Most other failures will not be critical.
Therefore, you should determine the number of failures.
The number of tests which passed and failed can be found by running:
grep '^test result:' rustc-testlog |
awk '{sum1 += $4; sum2 += $6} END { print sum1 " passed; " sum2 " failed" }'
The other available fields are $8 for those which were ignored
(i.e. skipped), $10 for 'measured' and $12 for 'filtered out' but both
those last two are probably zero.
Now Install the package, as the root user:
![[Note]](../images/note.png)
Note
If sudo or su is invoked for
switching to the root user, ensure
LIBSSH2_SYS_USE_PKG_CONFIG and
LIBSQLITE3_SYS_USE_PKG_CONFIG are correctly passed or
the following command may rebuild cargo with
shipped copies of libssh2 and sqlite. For sudo,
use the
--preserve-env=LIB{SSH2,SQLITE3}_SYS_USE_PKG_CONFIG
option. For su, do not use
the - or --login options.
./x.py install
Still as the root user, fix the installation of documentation,
symlink a Zsh
completion file into the correct location, and move a
Bash completion file into the location
recommended by the Bash completion
maintainers:
rm -fv /opt/rustc-1.91.0/share/doc/rustc-1.91.0/*.old
install -vm644 README.md /opt/rustc-1.91.0/share/doc/rustc-1.91.0
install -vdm755 /usr/share/zsh/site-functions
ln -sfv /opt/rustc/share/zsh/site-functions/_cargo /usr/share/zsh/site-functions
mv -v /etc/bash_completion.d/cargo /usr/share/bash-completion/completions
Finally, unset the exported environment variables:
unset LIB{SSH2,SQLITE3}_SYS_USE_PKG_CONFIGCommand Explanations
ln -svfn rustc-1.91.0 /opt/rustc: if this is
not the first use of the /opt/rustc
symlink, overwrite it by forcing, and use the '-n' flag to avoid getting
confusing results from e.g. ls -l.
tools = ["cargo", "clippy", "rustdoc", "rustfmt"]:
only build the tools from the 'default' profile in binary command
rustup which are recommended for most users.

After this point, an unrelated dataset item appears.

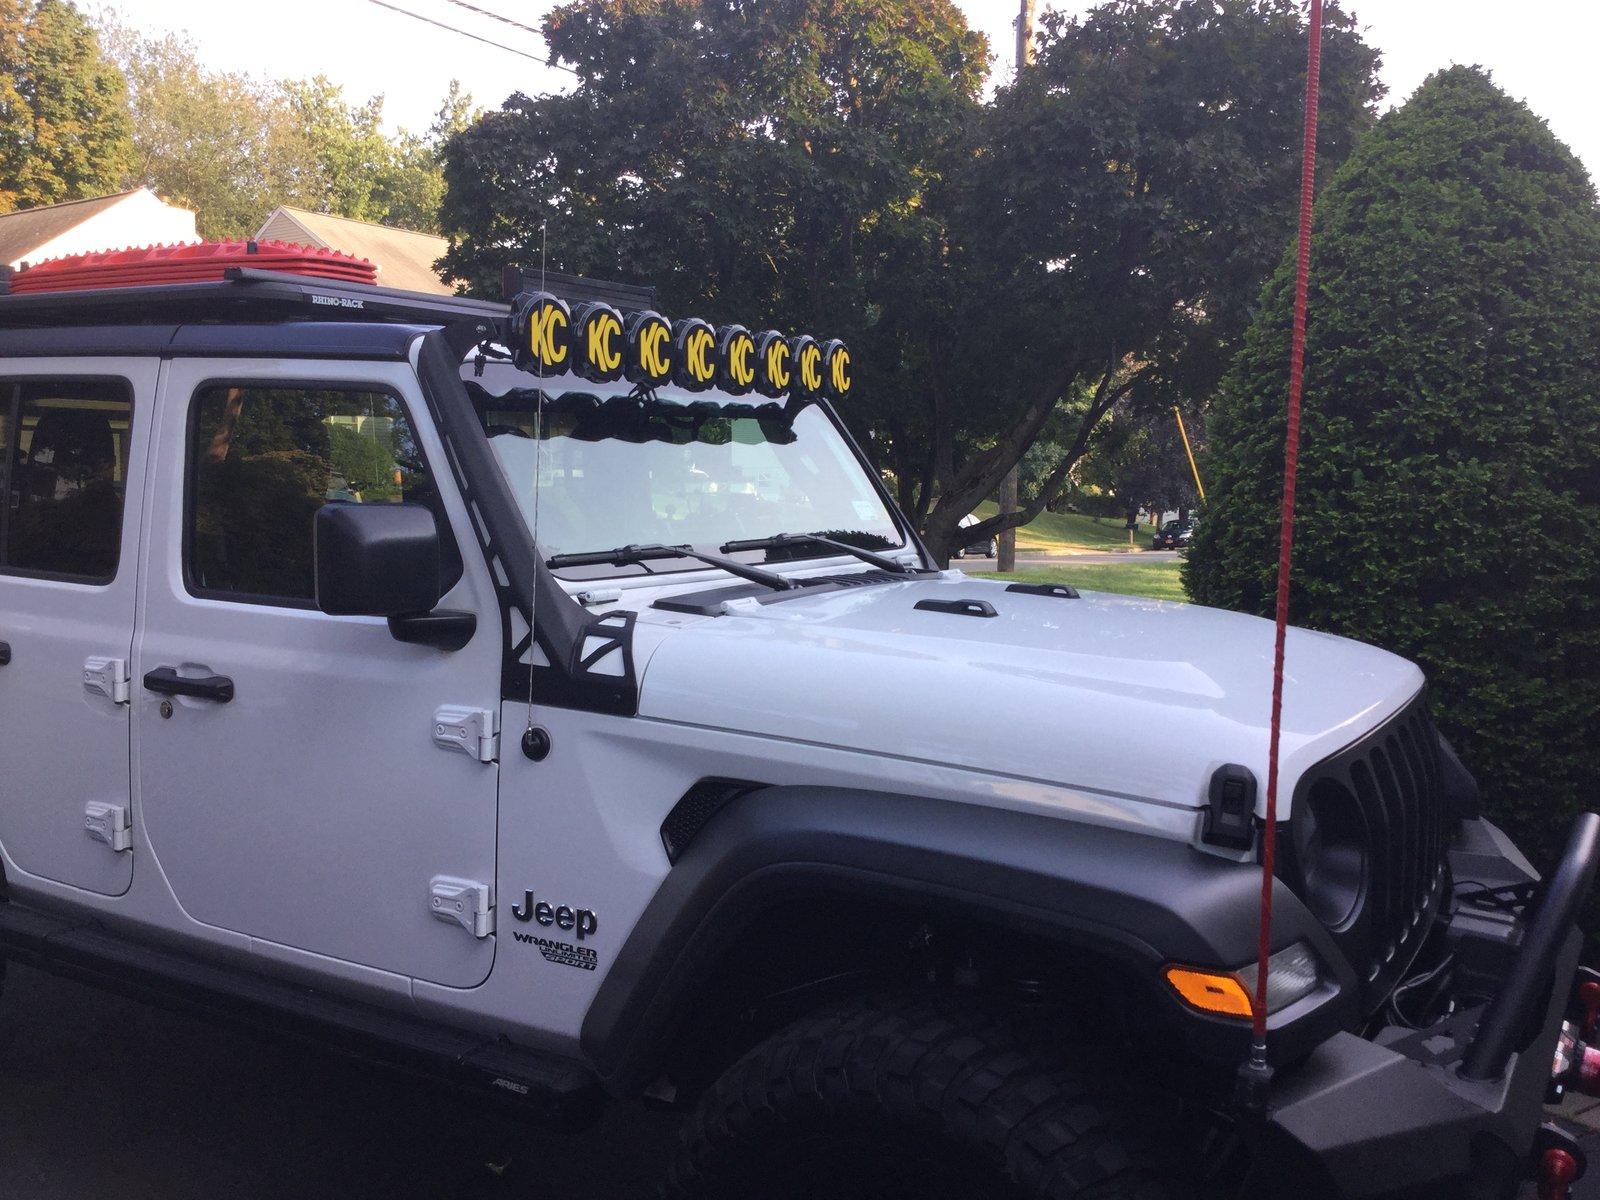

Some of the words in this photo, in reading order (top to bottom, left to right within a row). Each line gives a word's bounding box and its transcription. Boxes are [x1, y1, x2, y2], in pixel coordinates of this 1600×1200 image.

The other tools are unlikely to be useful unless using (old) code
analyzers or editing the standard library.
channel = "stable": this ensures only stable features
can be used, the default in bootstrap.toml is to use
development features, which is not appropriate for a released version.
[target.x86_64-unknown-linux-gnu]: the syntax of
bootstrap.toml requires an llvm-config
entry for each target for which system-llvm is to be used. Change the target
to [target.i686-unknown-linux-gnu] if you are building
on 32-bit x86. This whole section should be omitted if you wish to build
against the shipped llvm, but the resulting build will
be larger and take longer.
export LIBSSH2_SYS_USE_PKG_CONFIG=1: Allow
cargo to link to system libssh2. Omit this command
if you've not installed libssh2-1.11.1.
export LIBSQLITE3_SYS_USE_PKG_CONFIG=1: Allow
cargo to link to system sqlite.
--verbose: this switch can sometimes provide more
information about a test which fails.
--no-fail-fast: this switch ensures that the test suite
will not stop at the first error.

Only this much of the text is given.